GraphMap Owler - Overlap With Long Erroneous Reads

GraphMap implements two overlap modes:

  • ./graphmap owler - fast, uses a trimmed GraphMap pipeline, reports output in MHAP or PAF formats, and
  • ./graphmap align -x overlap - full GraphMap pipeline including alignment, output in SAM format.

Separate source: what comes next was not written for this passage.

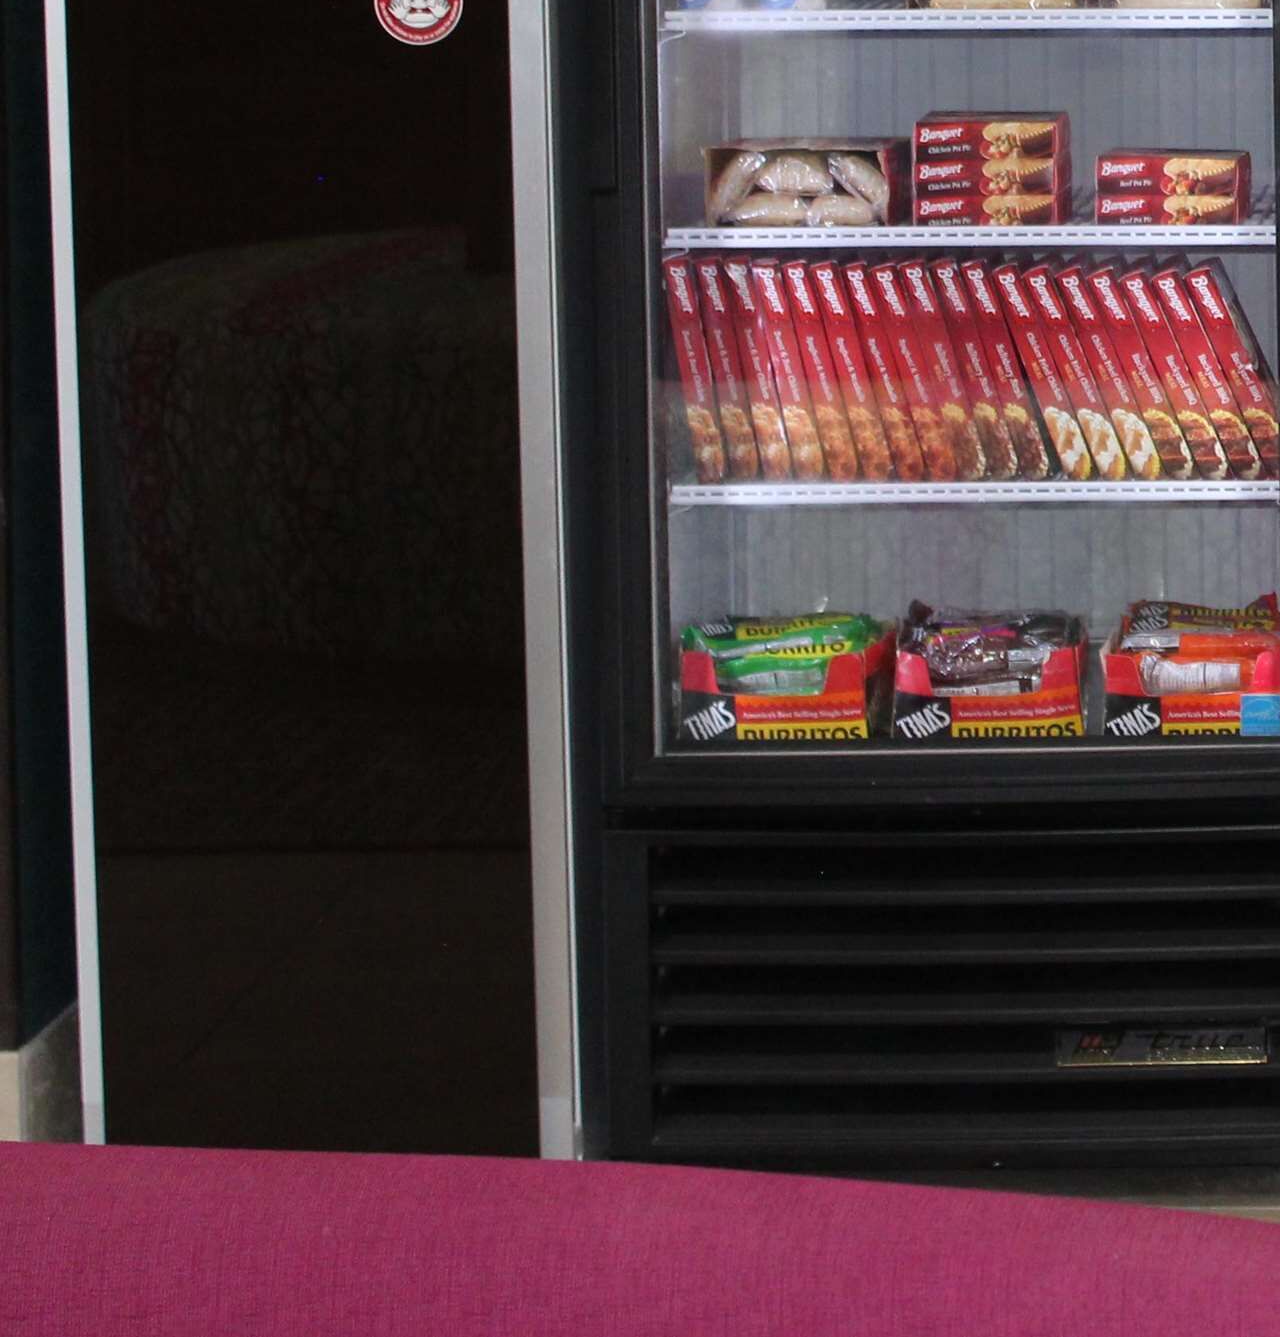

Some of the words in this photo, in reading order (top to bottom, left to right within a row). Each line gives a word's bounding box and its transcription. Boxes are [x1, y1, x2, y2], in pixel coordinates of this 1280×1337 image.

Owler mode (Overlap With Long Erroneous Reads) skips the graph-mapping and alignment steps. The full pipeline consists of the following steps:

  1. Construct a gapped spaced index of the reads for only one shape (6-mers, "1111110111111").
  2. For a read, collect all gapped spaced seed hits.
  3. LCSk++.
  4. Filtering seeds reported by LCSk++.
  5. Output overlaps in MHAP-like or PAF format. For details, see below.

Currently, no seed hits are discarded, which can make overlapping slow on larger or more repetitive datasets, but very sensitive.

Note that the overlappers are still experimental, and require thorough testing.

Output formats

MHAP format is described here: http://mhap.readthedocs.org/en/latest/quickstart.html#output.
GraphMap's output uses the same columns, but the meaning of columns 3 and 4 (Jaccard score and # shared min-mers respectively) is different in our context.
Instead of Jaccard score the fraction of bases covered by seeds is reported.
Instead of # shared min-mers the number of seeds which survived filtering is reported.

GraphMap can also output overlaps to PAF format. Specification of the format can be found here: https://github.com/lh3/miniasm/blob/master/PAF.md.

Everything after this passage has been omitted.